Problem details:
Please retype the records below exactly, leaving out any pictures.

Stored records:
◇ ◇ ◇ ◇ ◇
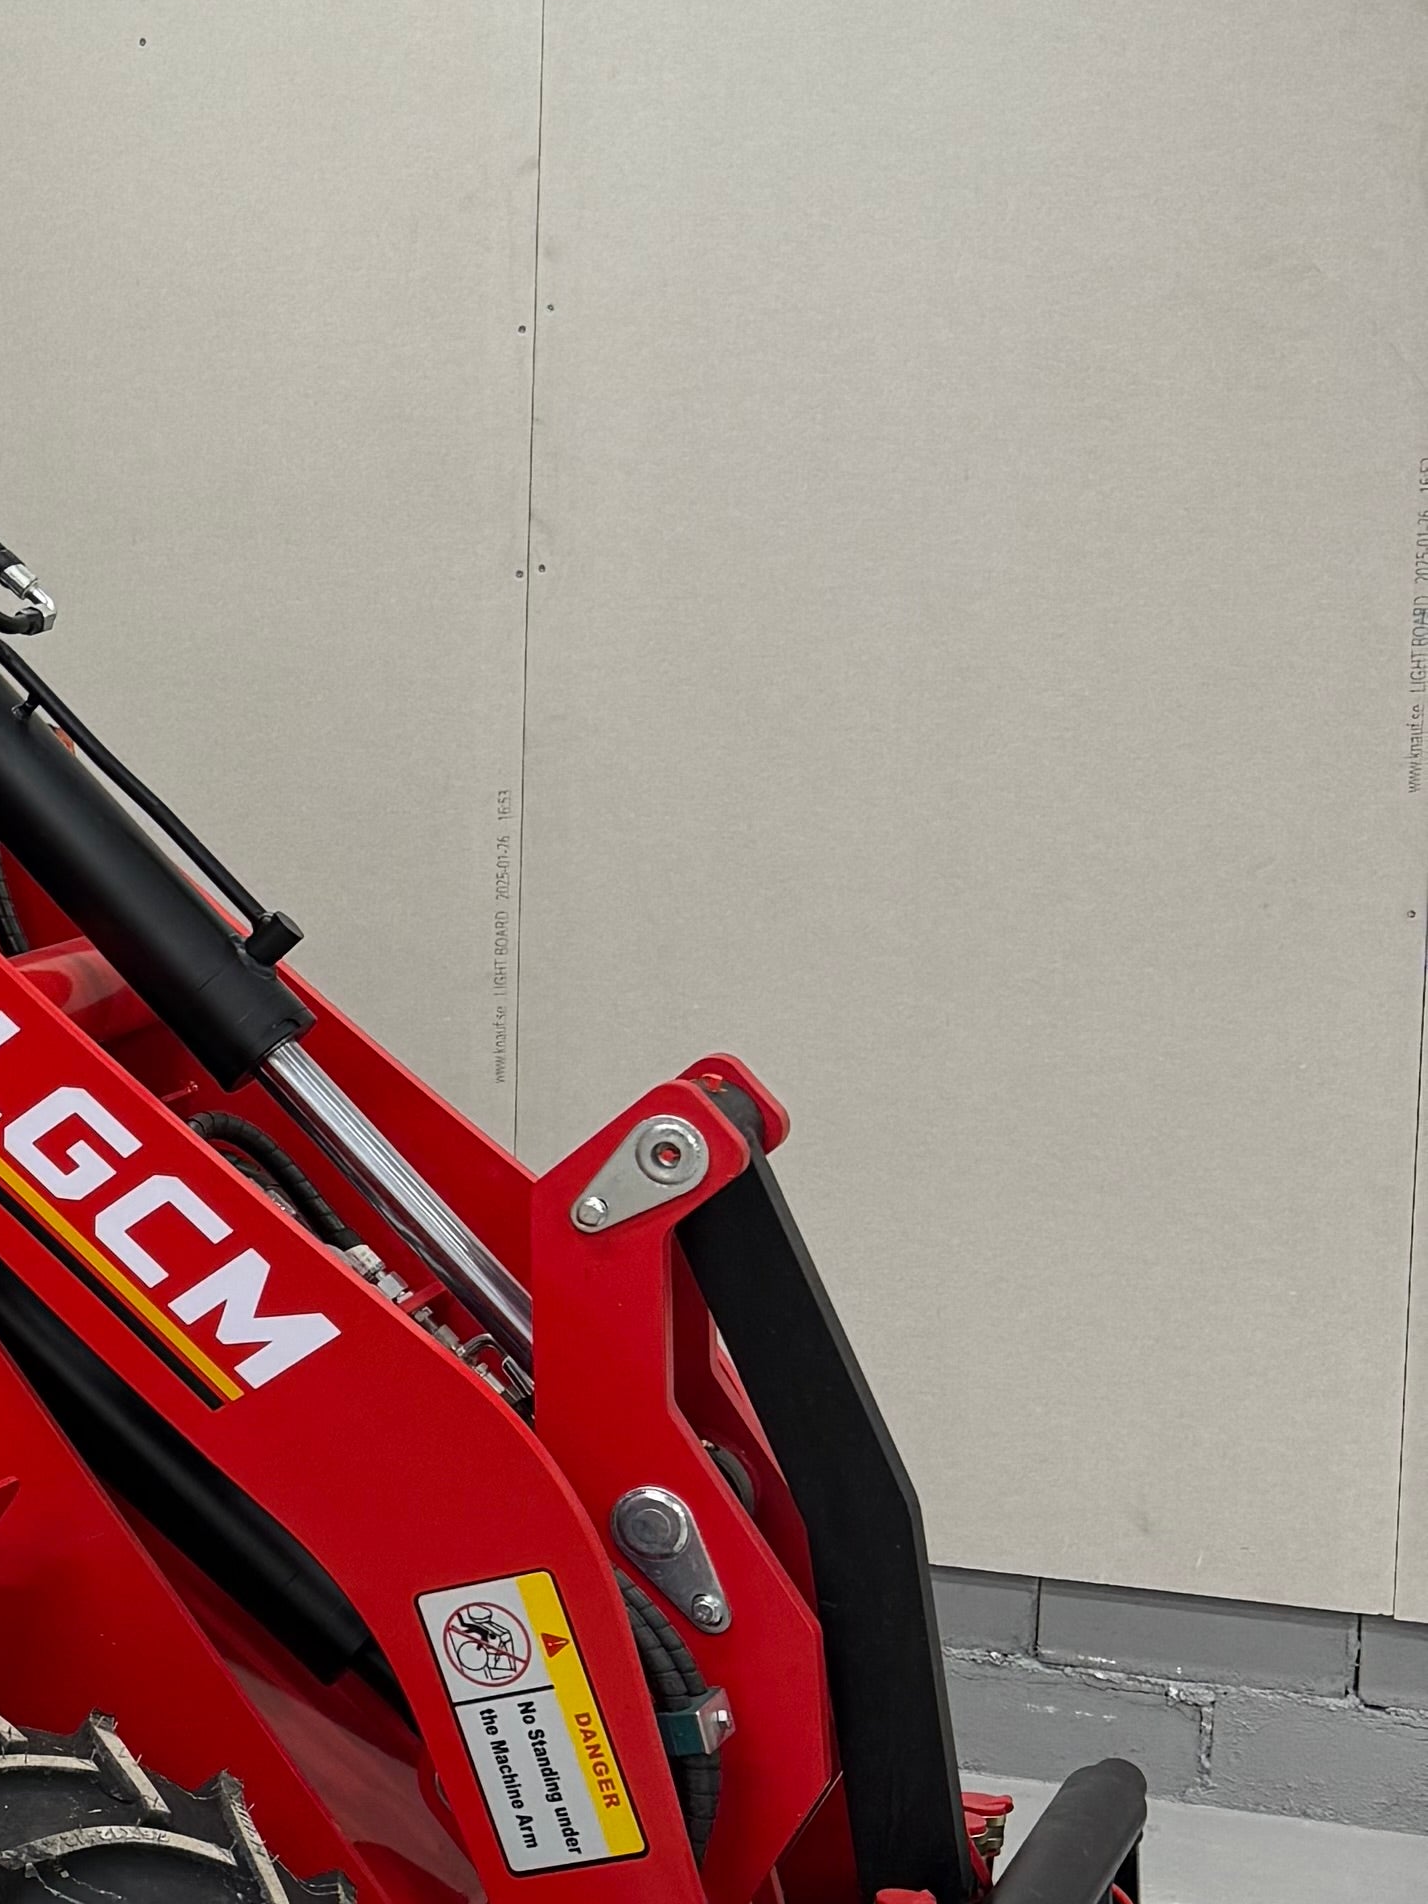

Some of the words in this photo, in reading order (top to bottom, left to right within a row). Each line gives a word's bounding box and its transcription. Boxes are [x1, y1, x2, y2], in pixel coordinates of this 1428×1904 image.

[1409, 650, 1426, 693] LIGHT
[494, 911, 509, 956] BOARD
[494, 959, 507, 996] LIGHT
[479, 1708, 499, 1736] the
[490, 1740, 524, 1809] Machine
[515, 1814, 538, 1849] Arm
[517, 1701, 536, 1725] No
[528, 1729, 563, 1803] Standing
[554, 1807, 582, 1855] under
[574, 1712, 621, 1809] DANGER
◇ ◇ ◇ ◇ ◇
Result:
Some of the words in this photo, in reading order (top to bottom, left to right within a row). Each line gives a word's bounding box and its transcription. Boxes are [x1, y1, x2, y2], in pixel coordinates of this 1428×1904 image.

[1409, 650, 1426, 693] LIGHT
[494, 911, 509, 956] BOARD
[494, 959, 507, 996] LIGHT
[479, 1708, 499, 1736] the
[490, 1740, 524, 1809] Machine
[515, 1814, 538, 1849] Arm
[517, 1701, 536, 1725] No
[528, 1729, 563, 1803] Standing
[554, 1807, 582, 1855] under
[574, 1712, 621, 1809] DANGER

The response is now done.